Base Camp 1: Angers Our adventure began in Angers, where we uncovered the medieval splendor of Chateau d'Angers, explored the fascinating secrets of Château de Brézé, and marveled at the grandeur of Chateau de Brissac.
Base Camp 2: Chinon Our journey continued in Chinon, where the captivating history of Chateau de Chinon awaited us. We ventured on to Chateau d'Usse, often referred to as the 'Sleeping Beauty Castle,' and immersed ourselves in the elegance of Chateau Azay-le-Rideau, and the magnificent gardens of Chateau de Villandry.

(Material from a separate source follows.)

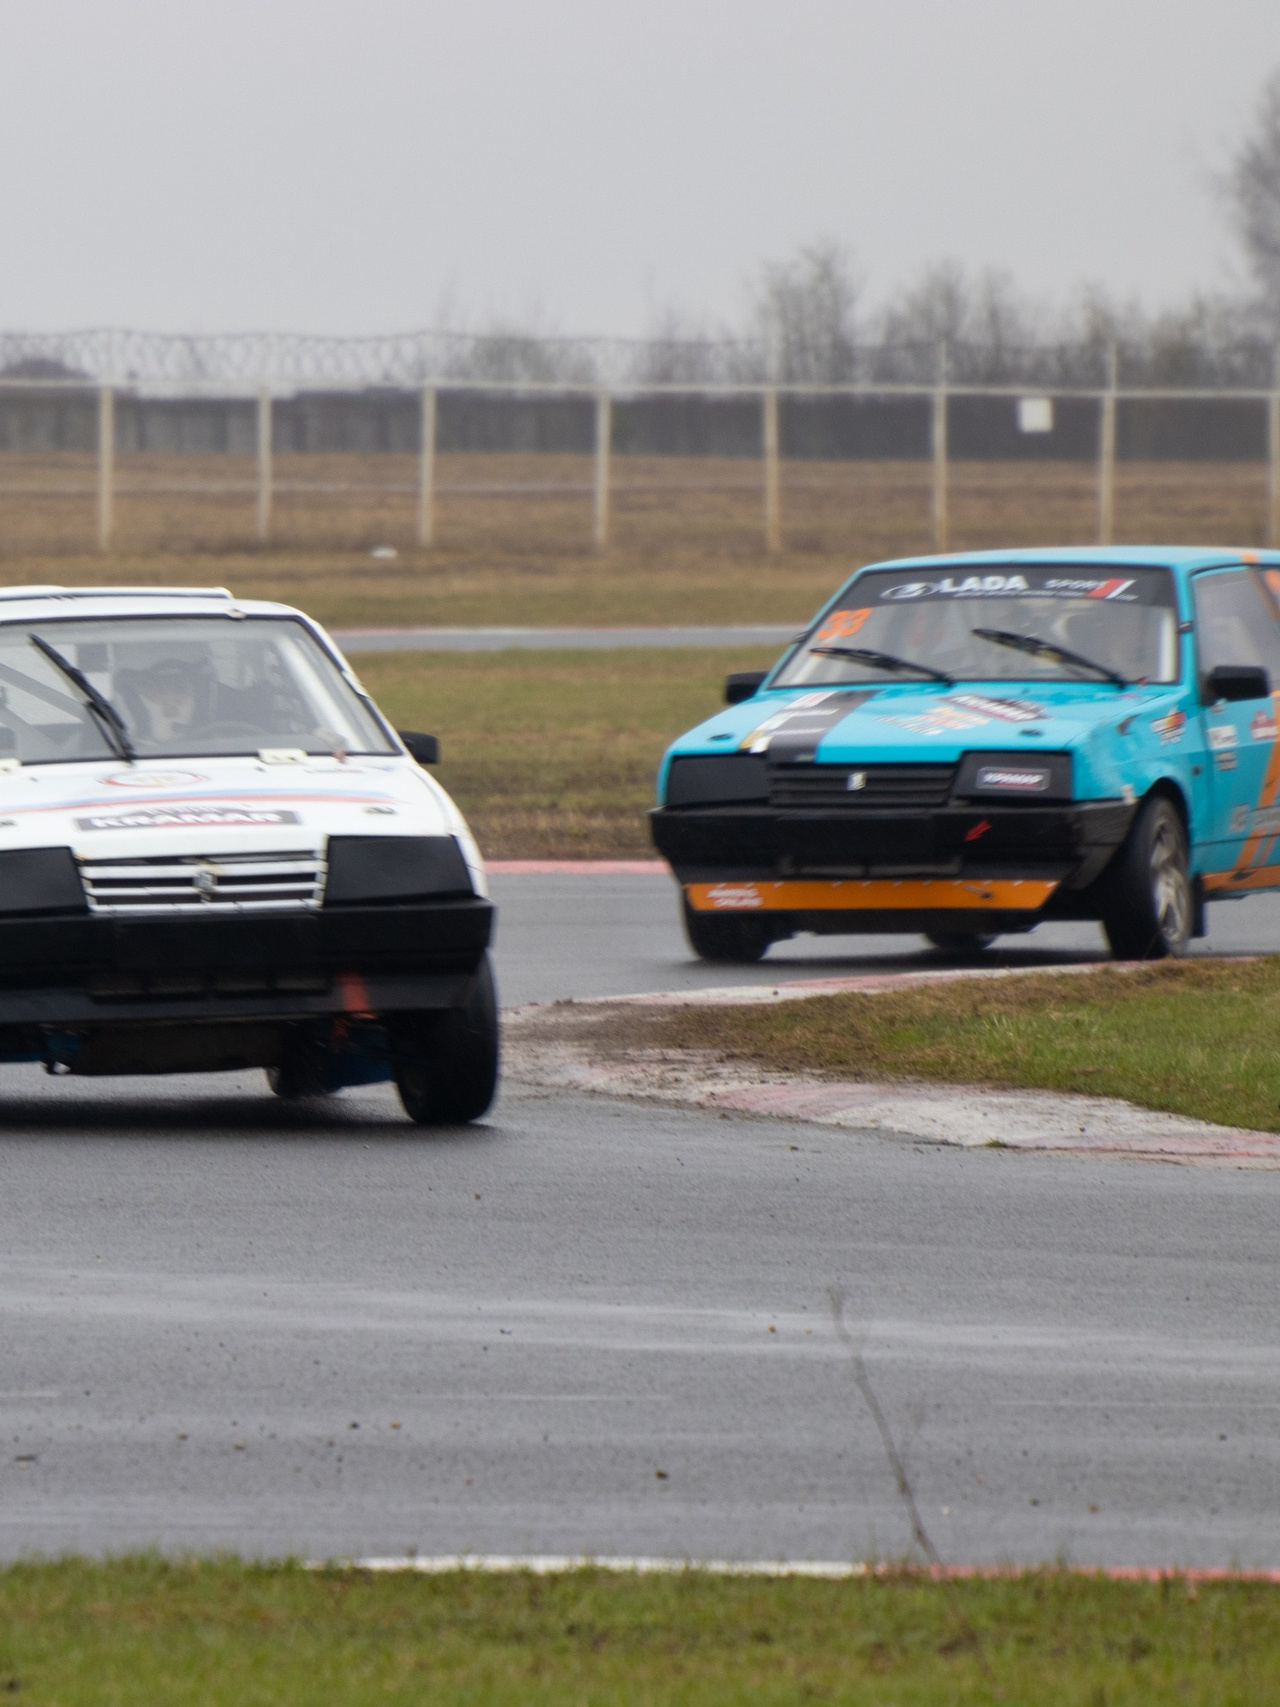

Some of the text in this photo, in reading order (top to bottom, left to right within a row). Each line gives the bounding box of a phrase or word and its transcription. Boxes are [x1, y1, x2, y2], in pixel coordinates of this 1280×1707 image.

[939, 575, 1029, 593] LADA
[818, 606, 872, 640] 33
[89, 811, 284, 828] KRAMAR

Base Camp 3: Amboise Our final base camp was set in Amboise, a charming town that served as the gateway to more spectacular chateaux. Here, we explored the regal Chateau d'Amboise, the romantic Chateau de Chenonceau, marveled at Chateau de Chambord's architectural wonder.
Angers was stop # 1 on our Loire Valley adventure, and because our hotel was only a few blocks from Château d'Angers, which allowed us to park the car and hike over to the fortress. The less than perfect issue that arose, was that it was Sunday when we visited the fortress, which meant that a lot of stores & restaurants were not open. It was probably to our advantage that we hiked from our hotel to the fortress, as parking was very limited and there were no empty spaces.
Approaching the château, visitors are immediately struck by its imposing walls and massive stone turrets. The castle's 17 towering towers create an awe-inspiring silhouette against the sky. Once inside, you'll find a treasure trove of historical artifacts, including the renowned Apocalypse Tapestry, a masterpiece of medieval art that tells the story of the Book of Revelation in intricate detail.
The construction of Château d'Angers dates back to the 9th century, making it one of the oldest castles in France. The castle served various purposes throughout its history, including as a defensive fortress, a royal residence, and even a prison. One of its most famous occupants was Duke René of Anjou, who was a renowned patron of the arts and responsible for commissioning the famous "Apocalypse Tapestry," which is displayed within the castle.
In 1204, the region was conquered by Philip II and the new castle was constructed during the minority of his grandson, Louis IX ("Saint Louis") in the early part of the 13th century. Louis IX rebuilt the castle in whitestone and black slate, with 17 semicircular towers.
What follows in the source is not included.